1 hour 54 minutes 4 seconds ago Wednesday, February 04 2026 Feb 4, 2026 February 04, 2026 5:07 PM February 04, 2026 in News
Source: WBRZ

BATON ROUGE - Step inside Anthony’s Italian Deli and you don’t just smell fresh bread and simmering sauce, you hear it, too, sometimes in Italian.

Since 1978, Anthony’s Italian Deli has been serving muffulettas, homemade sausage, lasagna and its signature olive salad to generations of loyal customers. What started as a 450-square-foot shop on Florida Boulevard with just seven tables and one employee has grown into a Baton Rouge staple, still family-run and still rooted in tradition.

“Some people come in here, they enjoy listening to us talk, and they wonder why we’re always mad,” said Marco Saia. “We’re not mad, we’re just Italian.”

Anthony Saia and his wife, Marie, immigrated to the United States from Italy in search of opportunity. Anthony was born in Sicily, Marie in Bergamo, north of Milan. Neither spoke English when they arrived in Baton Rouge, but Anthony brought with him a baker’s background and a clear vision for how food should taste.

“My parents actually lived the American dream,” Saia said.

Anthony learned to bake as a teenager in Sicily, an experience that would later shape the foundation of the deli.

“When he was around 12 to 15, he used to be a baker in Sicily,” Saia said.

In 1978, Anthony and Marie opened Anthony’s Italian Deli, pouring their heart into a small neighborhood eatery. From the beginning, bread was everything.

“He went and found a local bakery in Gonzales and taught them how he wanted his bread to be made,” Saia said. “Now all they do is bake my father’s recipe.”

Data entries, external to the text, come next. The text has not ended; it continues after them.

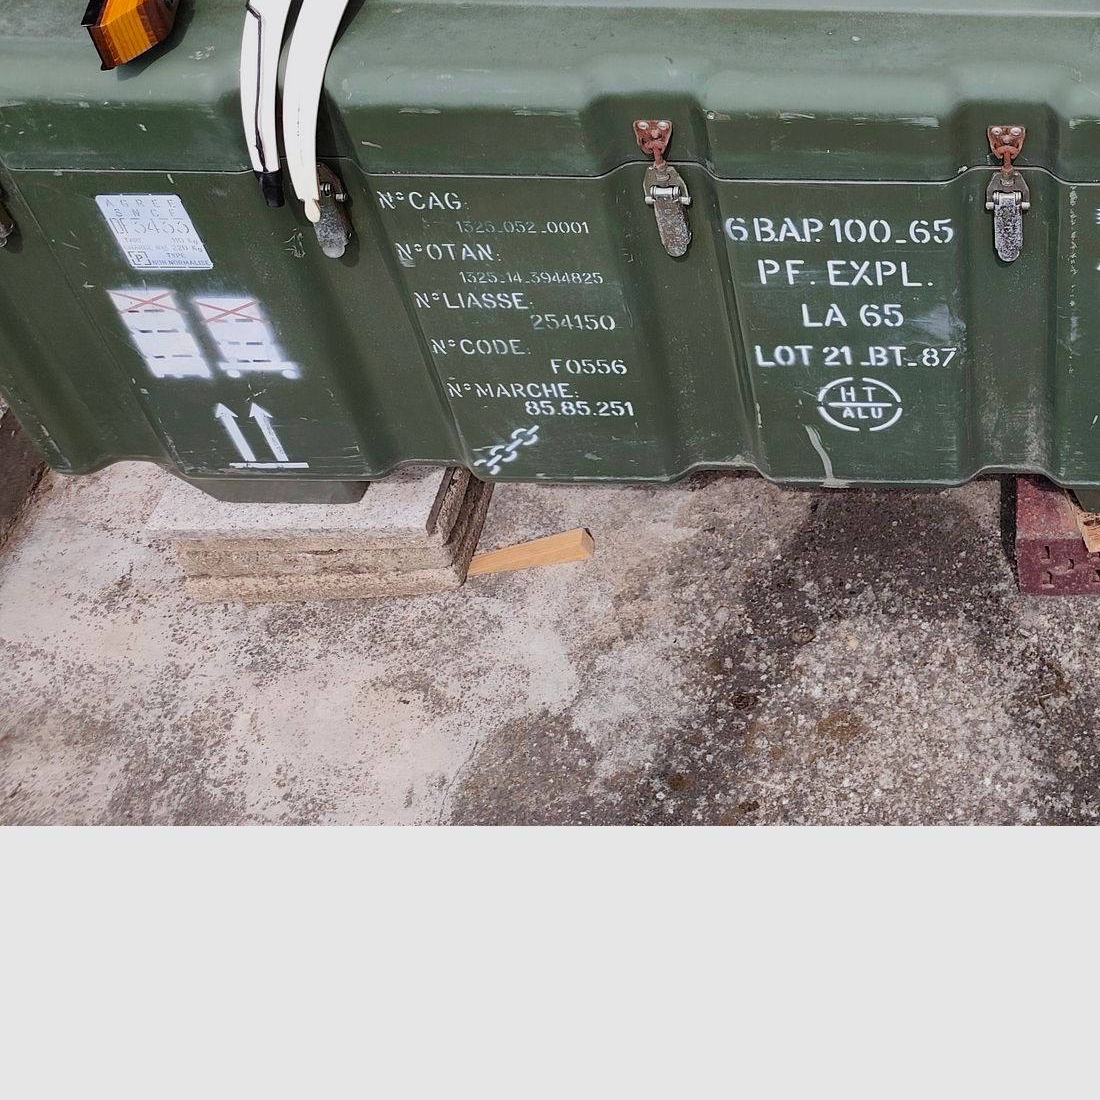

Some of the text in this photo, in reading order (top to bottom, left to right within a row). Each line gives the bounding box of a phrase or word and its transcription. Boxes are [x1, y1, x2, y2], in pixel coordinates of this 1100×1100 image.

[134, 254, 144, 262] P
[827, 260, 934, 287] EXPL.
[530, 313, 617, 331] 254150
[801, 303, 904, 327] LA 65
[754, 345, 813, 367] LOT
[525, 400, 635, 417] 85.85.251
[842, 406, 882, 419] ALU
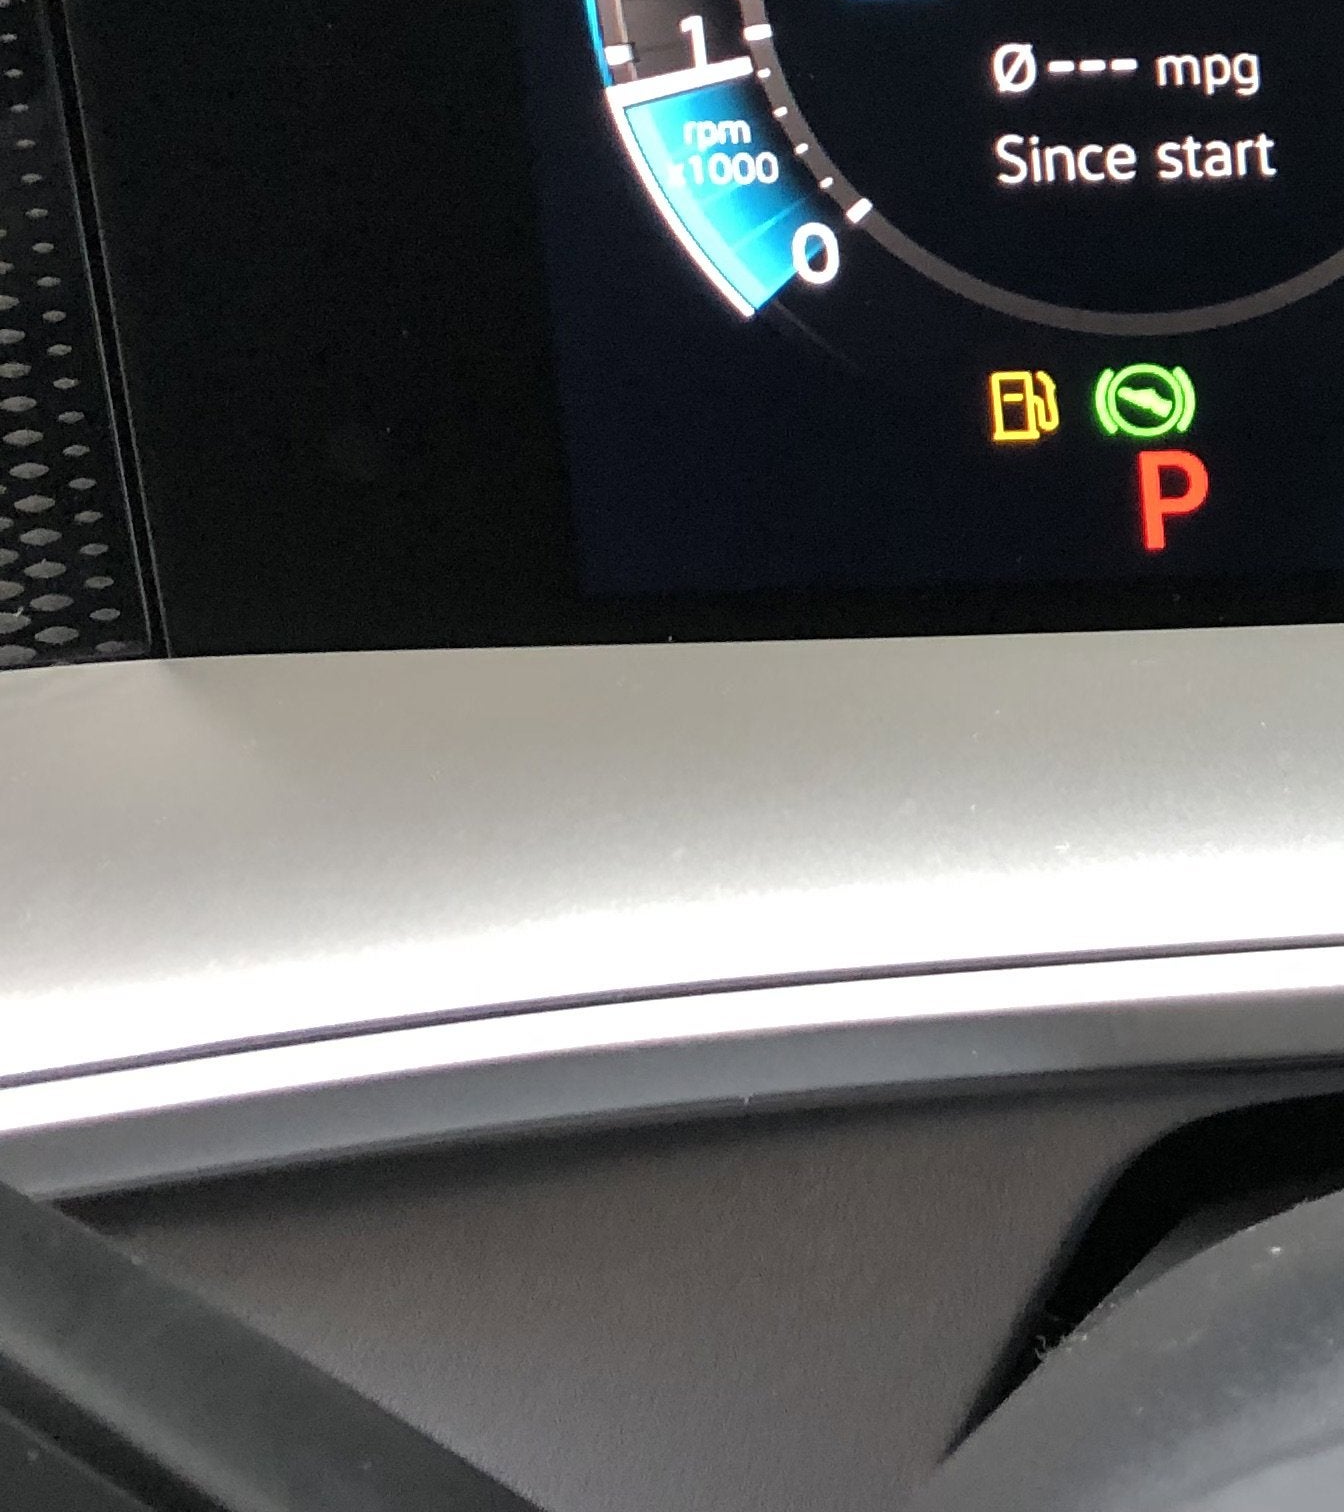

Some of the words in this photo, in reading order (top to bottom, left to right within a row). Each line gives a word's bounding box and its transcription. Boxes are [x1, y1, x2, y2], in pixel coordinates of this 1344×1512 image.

Today, the deli operates on Government Street, with Marie and their children, Marco and Margaret, continuing the same approach their parents started decades ago.

The restaurant is best known for its muffuletta, a Sicilian-style sandwich inspired by the New Orleans classic, with Anthony’s own personal twist.

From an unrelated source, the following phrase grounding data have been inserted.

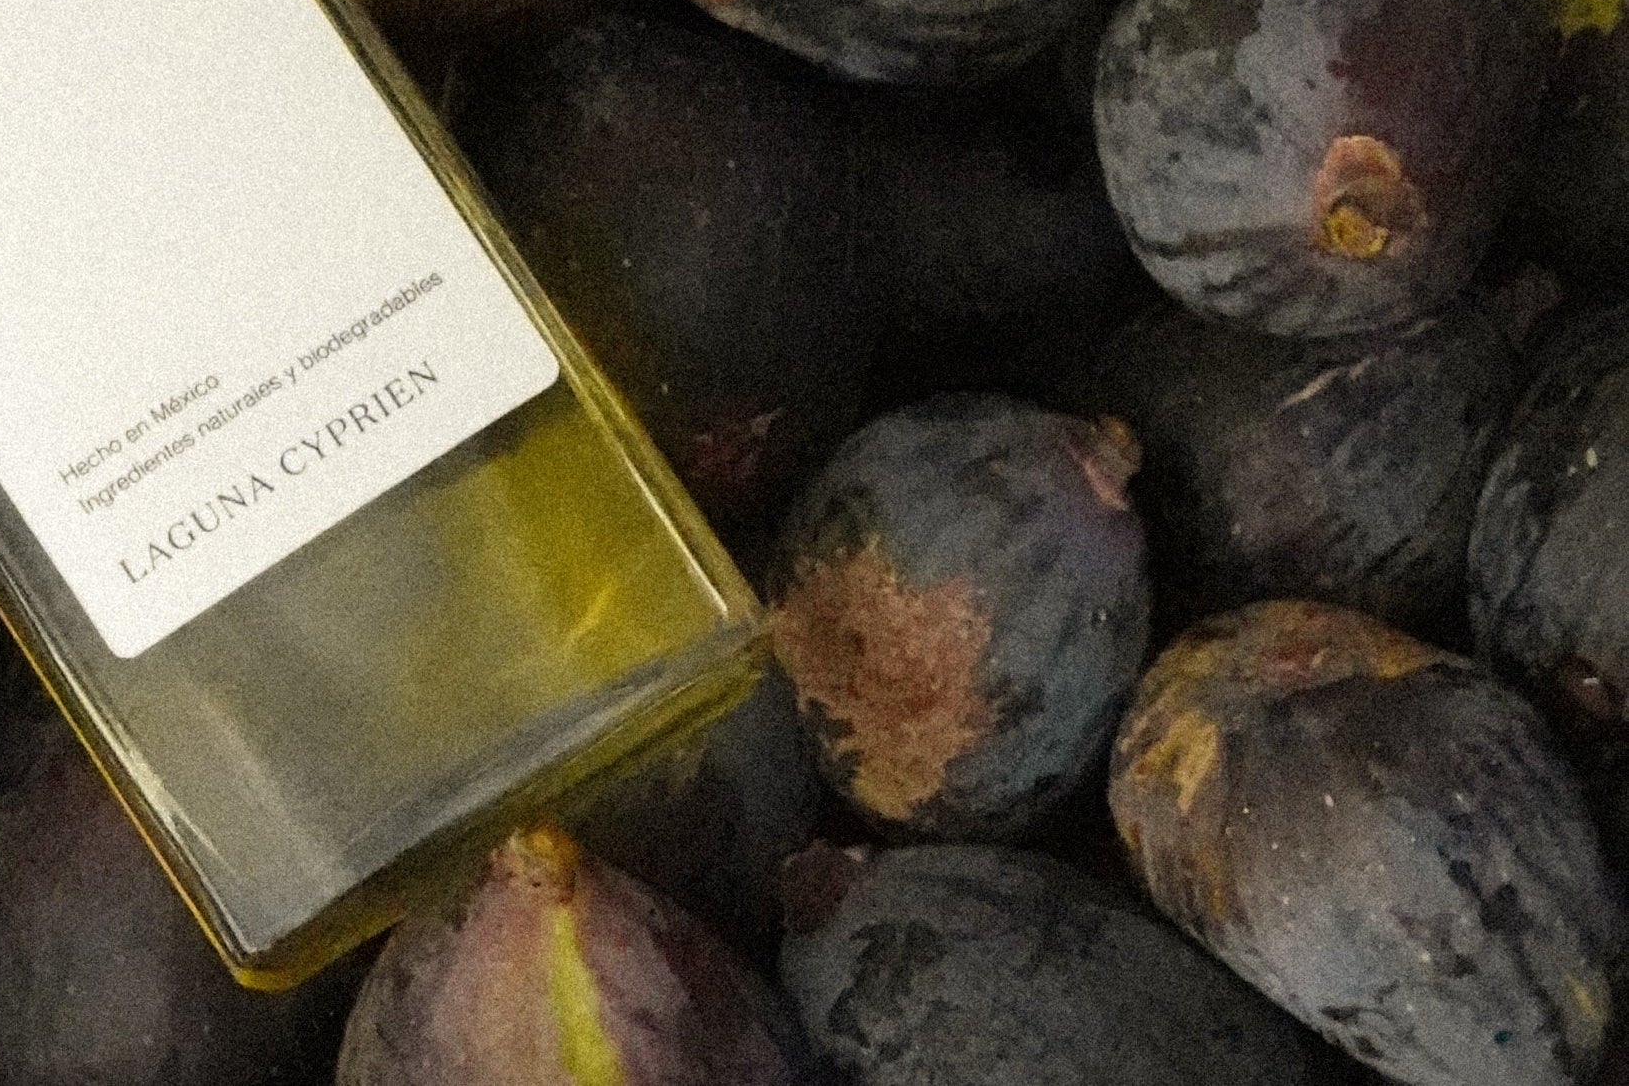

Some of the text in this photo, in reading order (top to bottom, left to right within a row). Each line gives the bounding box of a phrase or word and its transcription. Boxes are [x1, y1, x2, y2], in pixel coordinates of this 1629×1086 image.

[59, 374, 220, 486] Hecho en México
[78, 271, 444, 515] Ingredientes naturales y biodegradables
[118, 360, 440, 584] LAGUNA CYPRIEN
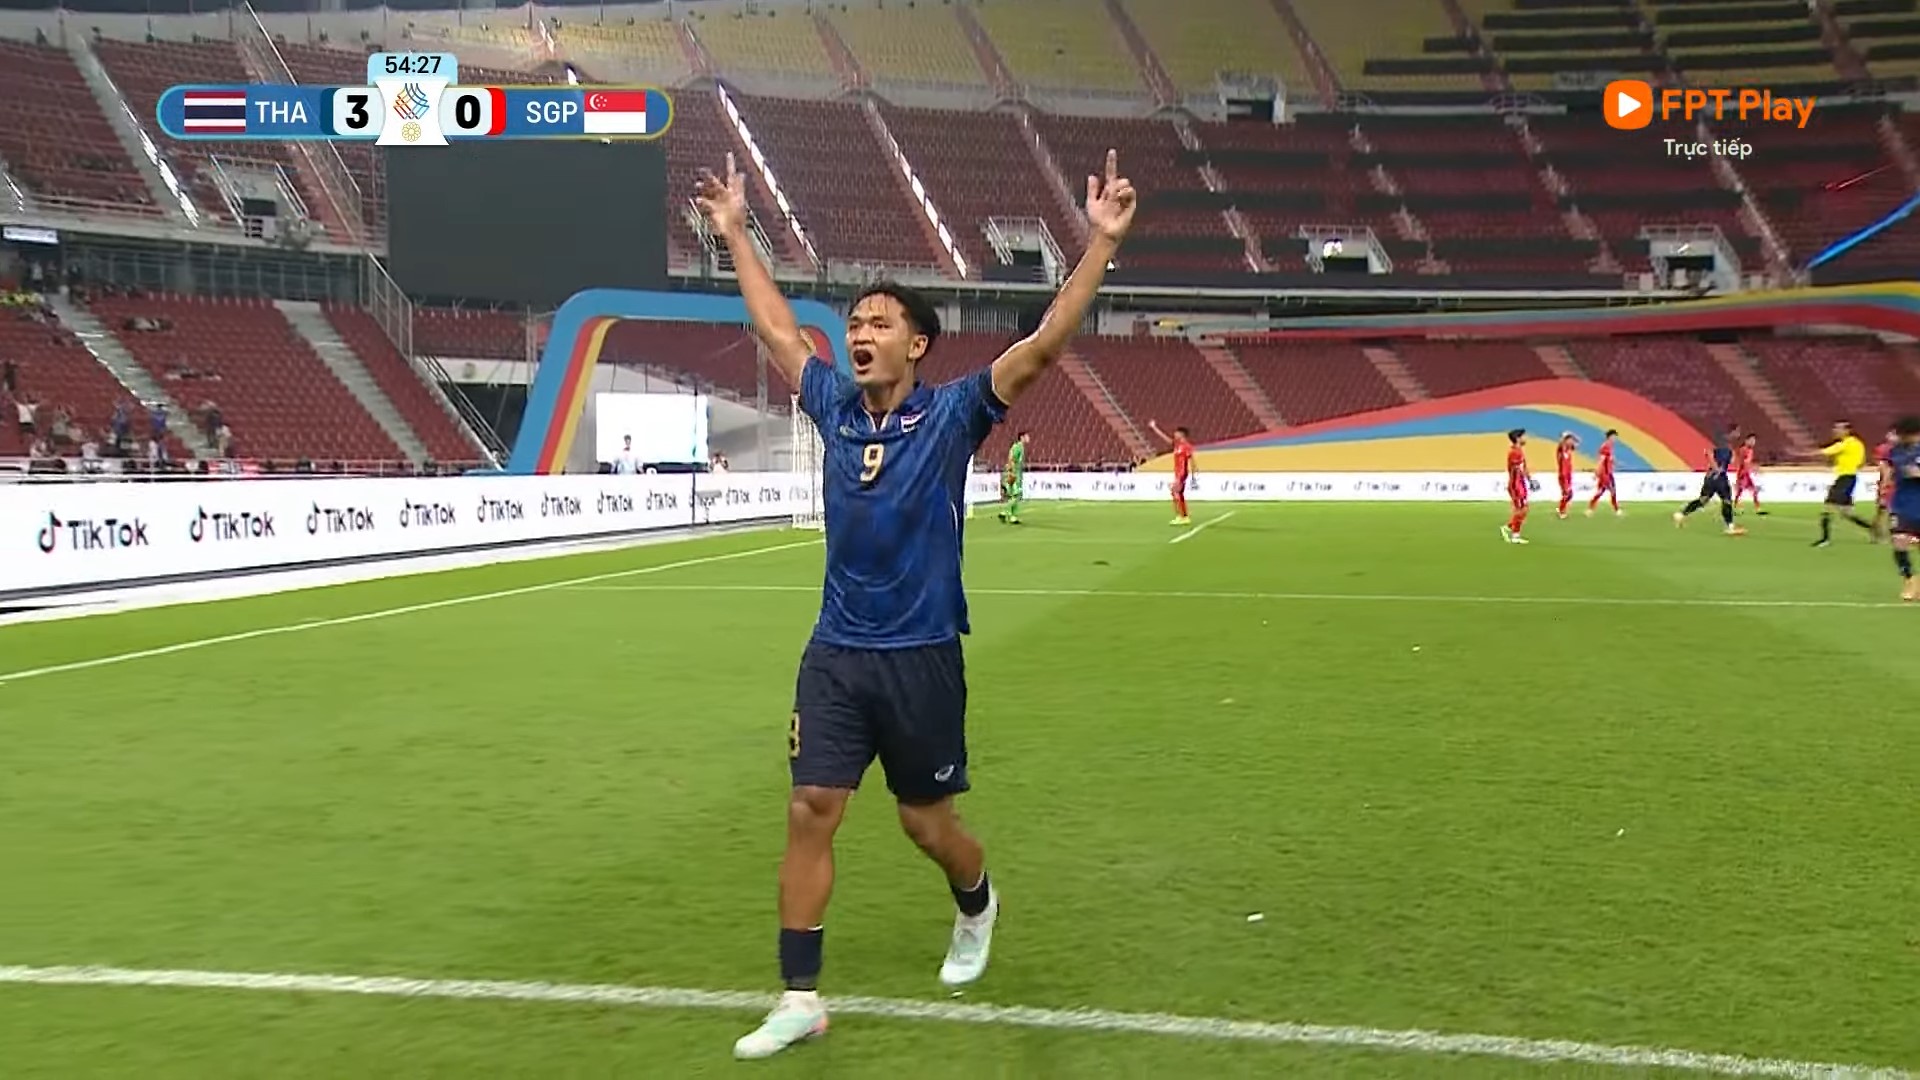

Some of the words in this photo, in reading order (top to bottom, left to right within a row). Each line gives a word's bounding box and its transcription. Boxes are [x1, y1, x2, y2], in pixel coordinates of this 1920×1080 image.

[860, 443, 885, 482] 9
[323, 506, 375, 533] TikTok
[413, 503, 456, 526] TikTok
[489, 499, 524, 522] TikTok
[550, 496, 581, 517] TikTok
[67, 517, 149, 550] TikTok
[212, 511, 276, 541] TikTok

“He thought to himself, maybe I could do it a little better or put a little twist on it,” Saia said.

That difference comes down to the olive salad — finely chopped, made in-house, and beloved by customers.

“People eat it with salads, they put it on their sandwiches, and some people even buy it and eat it straight,” Saia said.

If olives aren’t your thing, Marco recommends the Italian Deli Special, his personal favorite, which skips the olive mix but keeps the flavor.

“We put lettuce, tomatoes, and marinated onions on it,” he said. “It’s one of my favorite sandwiches.”

There’s also the meatball po-boy, a longtime customer favorite.

“It became a special, but we also do it on po-boy bread, and we call it Meatball Monday,” Saia said.

Another standout is the lasagna, layered with lean beef, homemade sauce, and béchamel instead of ricotta cheese, using a recipe Anthony created himself.

“You feel the smoothness of the béchamel,” Marco said. “Instead of being clumpy, it’s very smooth. That’s what makes our lasagna better than most people’s.”

For the Saia family, the food is only part of what makes Anthony’s special.

“We not only do most of the prep and cooking here as a family, we also show our faces,” Saia said. “We sit down with our customers, chit-chat, and enjoy listening to their stories.”

Nearly five decades later, the recipes remain, the Italian language still fills the room, and Anthony’s legacy continues through his family, one sandwich at a time.